Letters to Hendrik C. Andersen,

1899-1915

Henry James, edited by

Rosella Mamoli Zorzi

University of Virginia Press:

224 pp., $24.95

In 1899, Henry James, 56, met 27-year-old sculptor Hendrik C. Andersen at the home of mutual friends in Rome. Though James’ two major biographers have insisted that James was a lifelong celibate, the letters James wrote to Andersen are passionate and amorous. The 78 letters in “Beloved Boy” (22 published for the first time in English) are at times mournful and plead for Hendrik, for human contact. James is keenly aware that the world in which he once traveled so elegantly is getting meaner by the minute: “For alas, my traveling days are over now; the trains, the hotels, the American & German crowds that infest Italy, are, with the fatigues & expenses & wastes of time by the way, all finally prohibitive to me.”
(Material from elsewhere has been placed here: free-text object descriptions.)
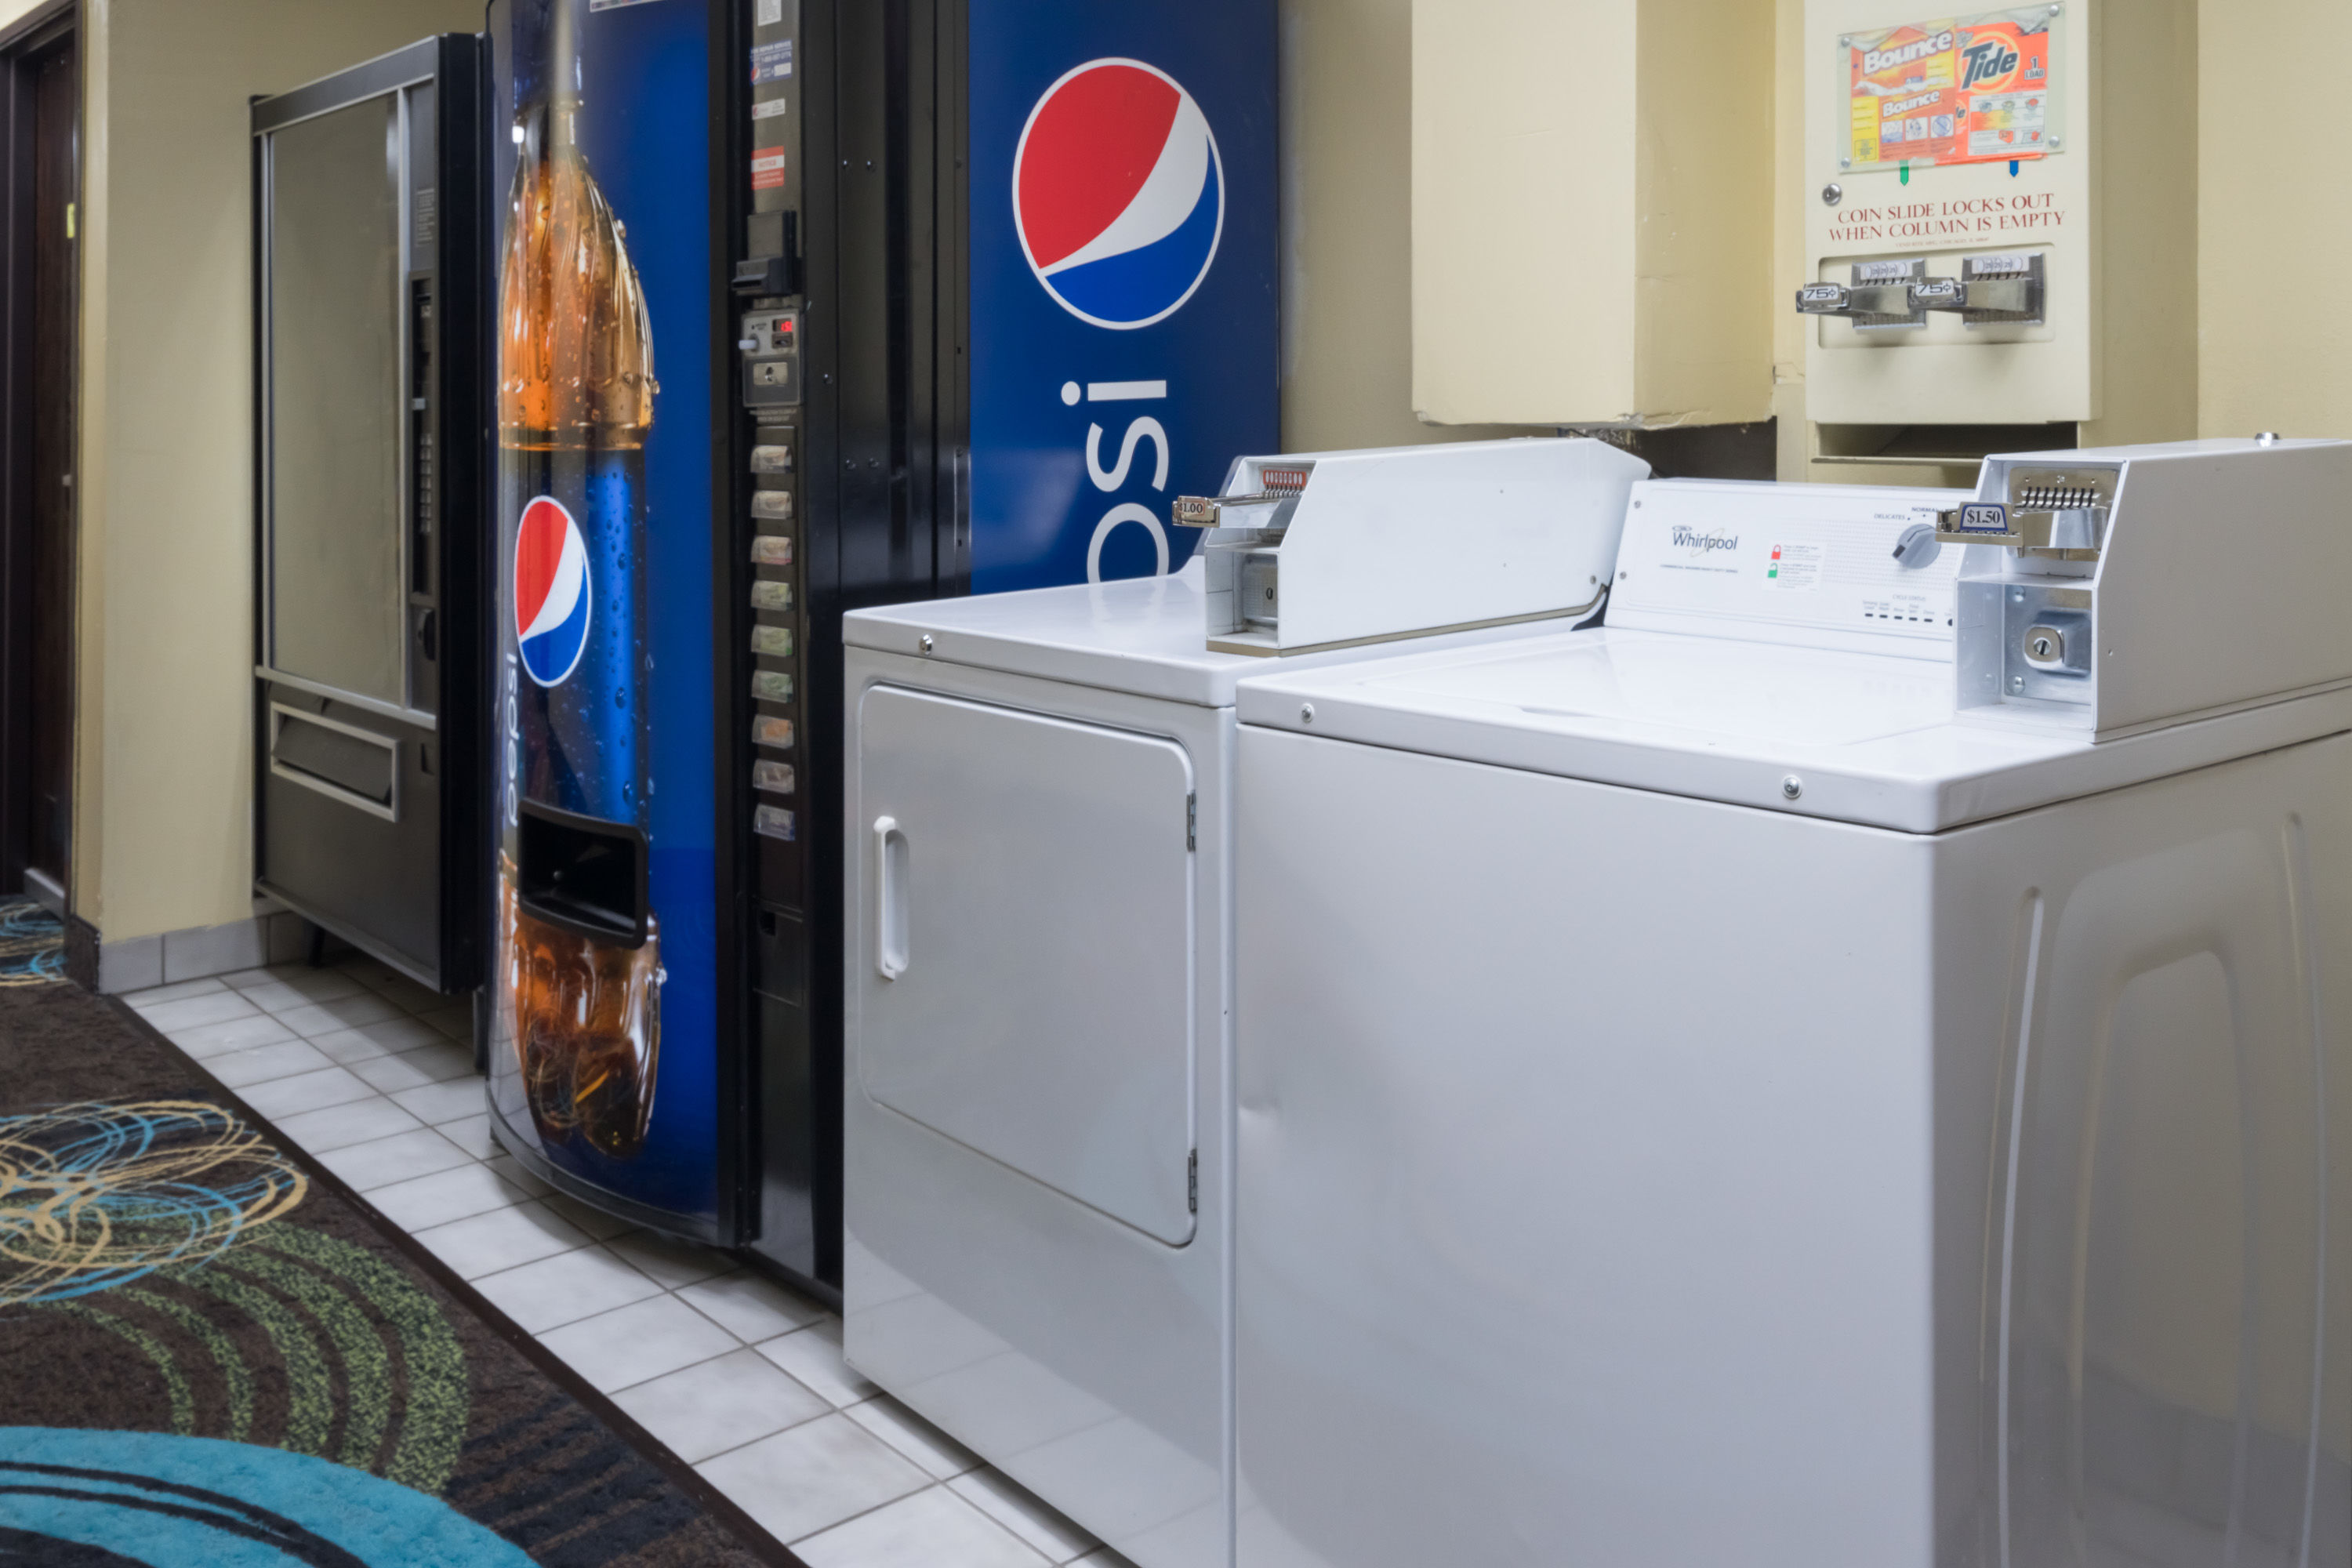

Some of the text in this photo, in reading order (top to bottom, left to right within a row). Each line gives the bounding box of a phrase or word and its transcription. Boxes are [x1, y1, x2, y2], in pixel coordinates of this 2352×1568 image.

[1864, 31, 1953, 75] Bounce
[2031, 56, 2038, 69] 1
[1961, 40, 2019, 91] Tide
[2024, 67, 2045, 79] LOAD
[1882, 90, 1940, 118] Bounce
[1838, 193, 2054, 224] COIN SLIDE LOCKS OUT
[1829, 211, 2065, 241] WHEN COLUMN IS EMPTY
[1806, 288, 1837, 299] 75¢
[1917, 282, 1951, 294] 75¢
[1966, 510, 2000, 524] $1.50
[1673, 532, 1738, 553] Whirlpool
[506, 653, 520, 826] pepsi
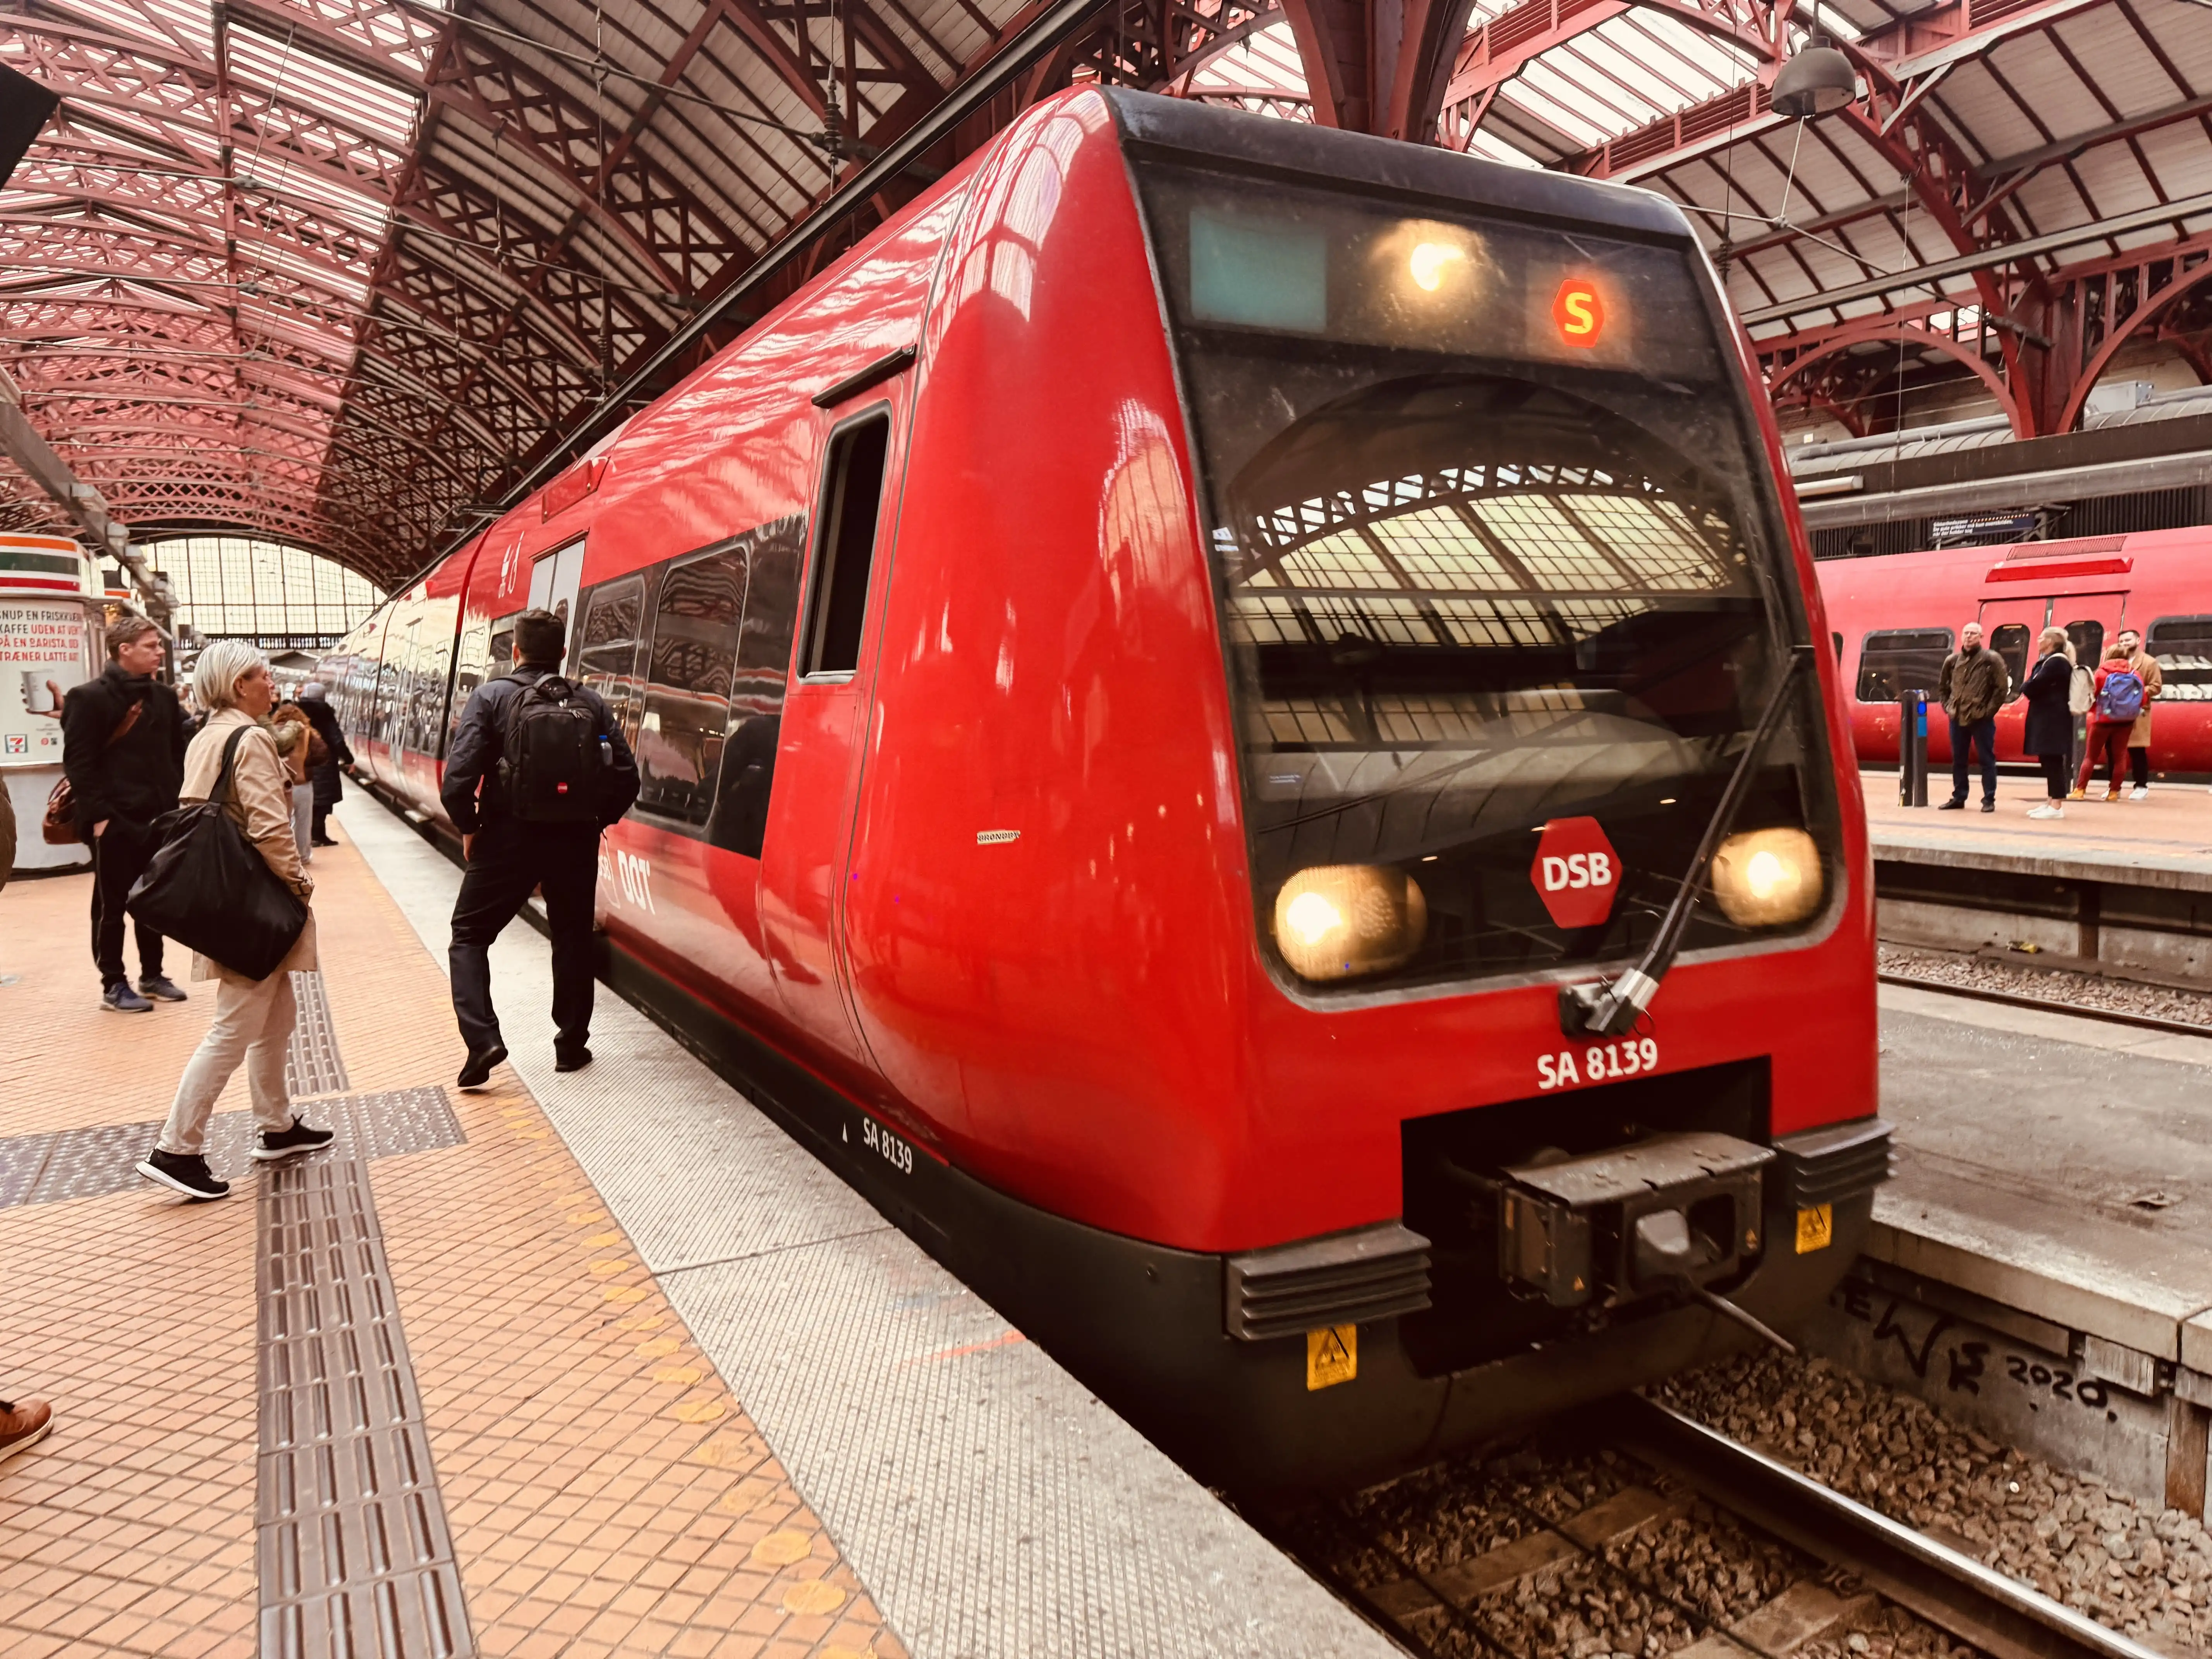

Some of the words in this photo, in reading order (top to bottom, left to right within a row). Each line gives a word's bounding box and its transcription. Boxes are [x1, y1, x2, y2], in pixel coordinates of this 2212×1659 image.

[1565, 292, 1594, 334] S
[0, 610, 23, 620] NUP
[26, 611, 38, 620] EN
[31, 624, 55, 634] UDEN
[14, 638, 27, 647] EN
[44, 651, 67, 662] LATTE
[1542, 852, 1612, 891] DSB
[1537, 1051, 1580, 1089] SA
[1586, 1037, 1658, 1080] 8139
[863, 1117, 879, 1153] SA
[882, 1130, 912, 1175] 8139
The letters reveal much about James’ views on art that endures. Andersen created sculptures that were large, even colossal. James repeatedly begs him to scale back in favor of the “interesting, the charming, the vendible, the placeable small thing.” He worries that Andersen suffers from “megalomania (look it up in the dictionary;) in French la folie des grandeurs, the infatuated & disproportionate love & pursuit of, & attempt at, the Big, the Bigger, the Biggest, the Immensest Immensity.”

Today there are 10,424 of James’ letters in publication. This collection, which brings us through 1915, a year before his death, reveals James at his smallest and largest -- the petty and the grand, the needy and the generous, the visionary and the desperate man. “Send me ten affectionate words,” he writes in 1903. “All I want is some news -- a scrap.”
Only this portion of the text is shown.